ENTRIES SHOWN =
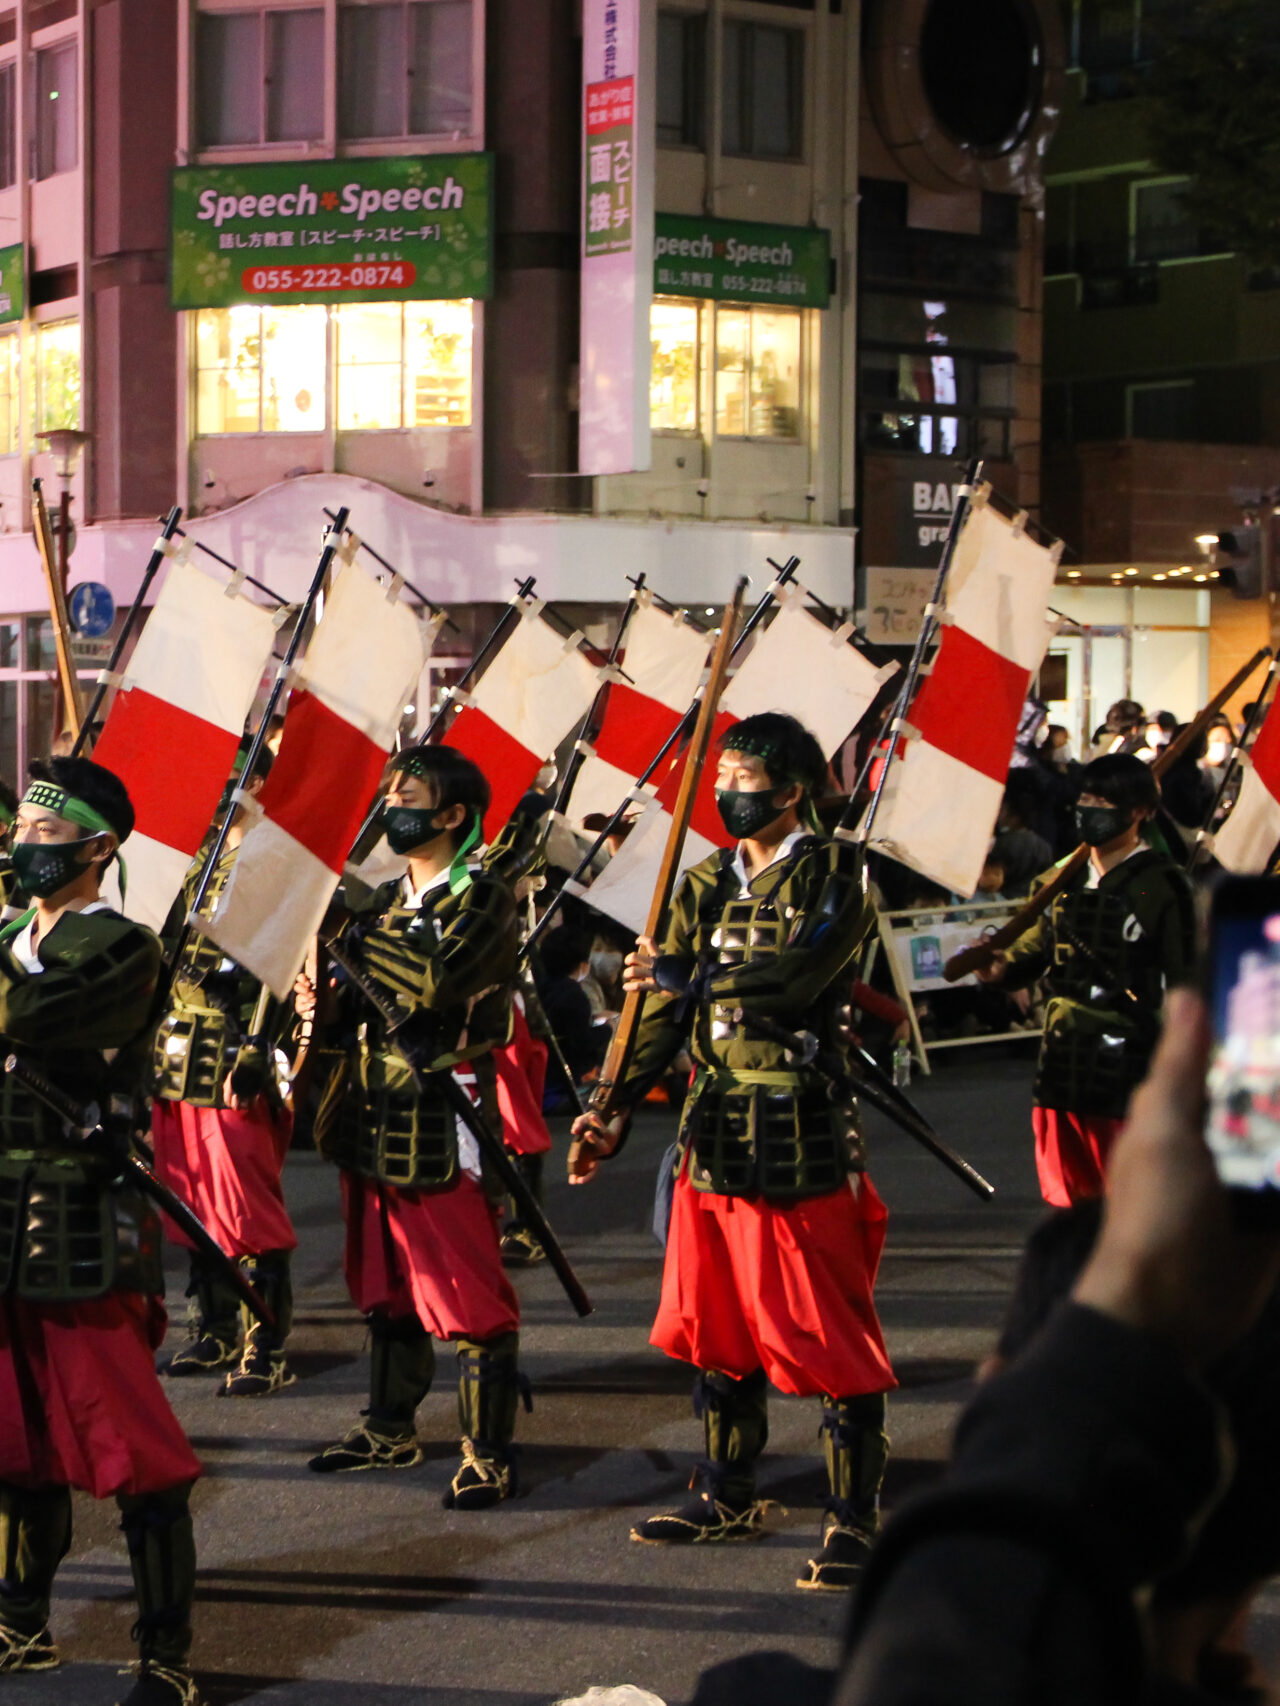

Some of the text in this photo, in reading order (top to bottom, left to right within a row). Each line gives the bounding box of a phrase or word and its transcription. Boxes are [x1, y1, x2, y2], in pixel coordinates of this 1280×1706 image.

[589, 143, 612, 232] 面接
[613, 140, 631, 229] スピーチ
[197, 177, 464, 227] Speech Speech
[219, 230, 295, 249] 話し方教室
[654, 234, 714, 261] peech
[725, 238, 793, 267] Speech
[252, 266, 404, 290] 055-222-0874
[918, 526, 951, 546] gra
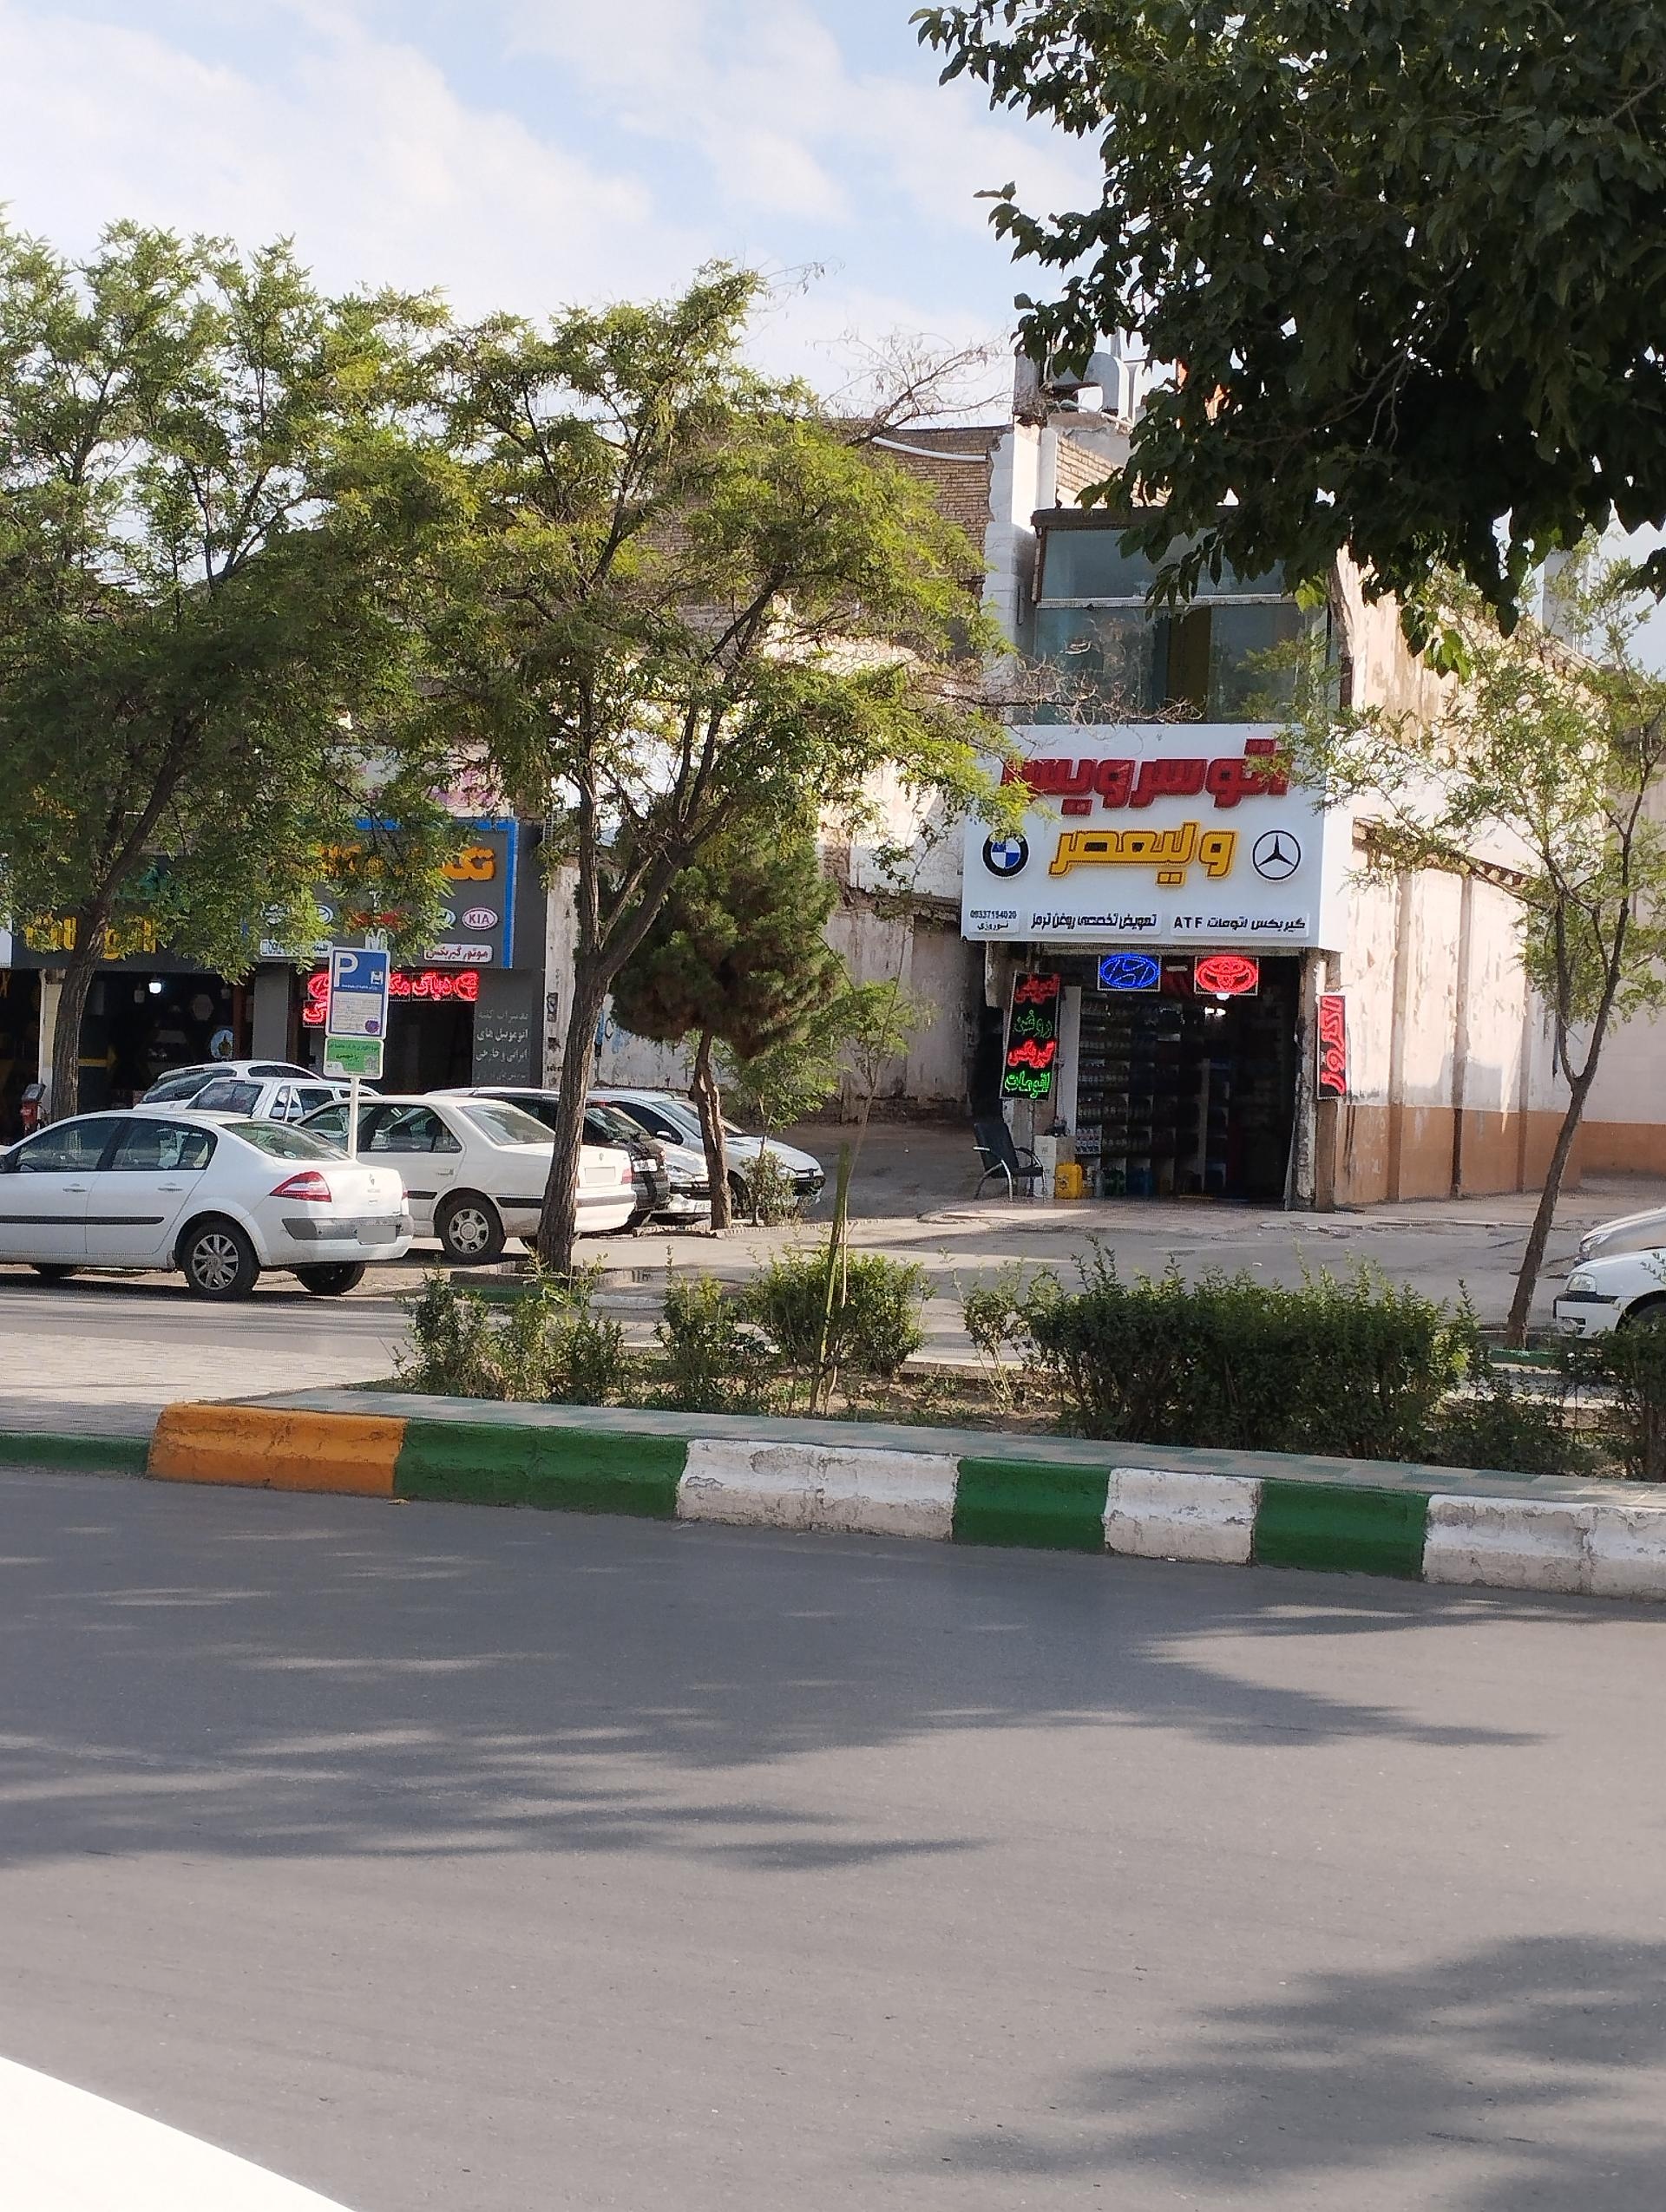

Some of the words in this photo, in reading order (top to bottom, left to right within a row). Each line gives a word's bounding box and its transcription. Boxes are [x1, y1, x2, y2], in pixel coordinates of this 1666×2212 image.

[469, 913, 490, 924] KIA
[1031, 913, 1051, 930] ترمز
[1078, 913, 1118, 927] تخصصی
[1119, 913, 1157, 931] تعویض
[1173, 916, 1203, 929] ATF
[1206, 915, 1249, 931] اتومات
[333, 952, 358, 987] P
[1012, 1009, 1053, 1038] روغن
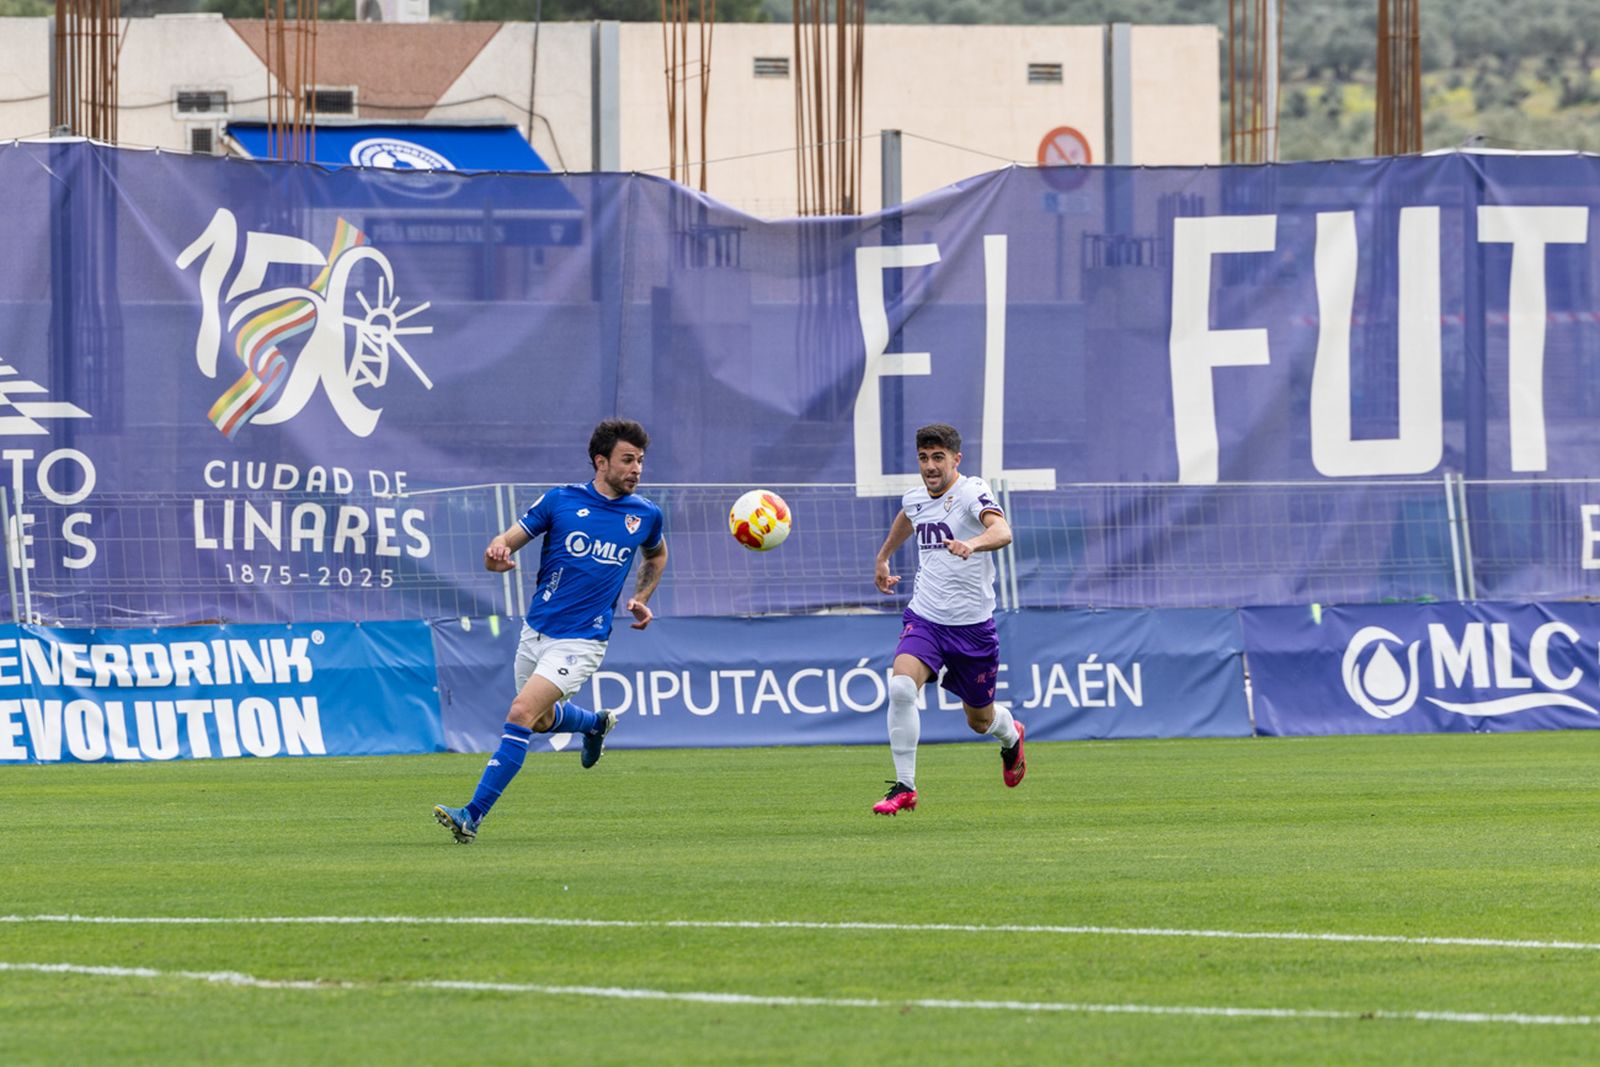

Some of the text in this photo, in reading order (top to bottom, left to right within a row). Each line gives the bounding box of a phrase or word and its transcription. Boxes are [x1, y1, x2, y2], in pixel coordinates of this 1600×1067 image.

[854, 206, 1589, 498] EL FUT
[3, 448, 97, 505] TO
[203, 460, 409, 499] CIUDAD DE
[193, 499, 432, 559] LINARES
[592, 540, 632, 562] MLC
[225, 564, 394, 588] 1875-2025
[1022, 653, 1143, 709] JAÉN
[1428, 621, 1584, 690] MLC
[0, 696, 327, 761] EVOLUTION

EXERCISE OBJECTIVE =
Reproduce the data exactly as it appears above. Pictures are to be left out.

RESPONSE FOR THIS EXERCISE =
Some of the text in this photo, in reading order (top to bottom, left to right within a row). Each line gives the bounding box of a phrase or word and its transcription. Boxes are [x1, y1, x2, y2], in pixel coordinates of this 1280×1706 image.

[589, 143, 612, 232] 面接
[613, 140, 631, 229] スピーチ
[197, 177, 464, 227] Speech Speech
[219, 230, 295, 249] 話し方教室
[654, 234, 714, 261] peech
[725, 238, 793, 267] Speech
[252, 266, 404, 290] 055-222-0874
[918, 526, 951, 546] gra

Some of the words in this photo, in reading order (top to bottom, left to right within a row). Each line gives a word's bounding box and its transcription. Boxes are [x1, y1, x2, y2], in pixel coordinates of this 1666×2212 image.

[469, 913, 490, 924] KIA
[1031, 913, 1051, 930] ترمز
[1078, 913, 1118, 927] تخصصی
[1119, 913, 1157, 931] تعویض
[1173, 916, 1203, 929] ATF
[1206, 915, 1249, 931] اتومات
[333, 952, 358, 987] P
[1012, 1009, 1053, 1038] روغن

Some of the text in this photo, in reading order (top to bottom, left to right within a row). Each line gives the bounding box of a phrase or word and its transcription. Boxes are [x1, y1, x2, y2], in pixel coordinates of this 1600×1067 image.

[854, 206, 1589, 498] EL FUT
[3, 448, 97, 505] TO
[203, 460, 409, 499] CIUDAD DE
[193, 499, 432, 559] LINARES
[592, 540, 632, 562] MLC
[225, 564, 394, 588] 1875-2025
[1022, 653, 1143, 709] JAÉN
[1428, 621, 1584, 690] MLC
[0, 696, 327, 761] EVOLUTION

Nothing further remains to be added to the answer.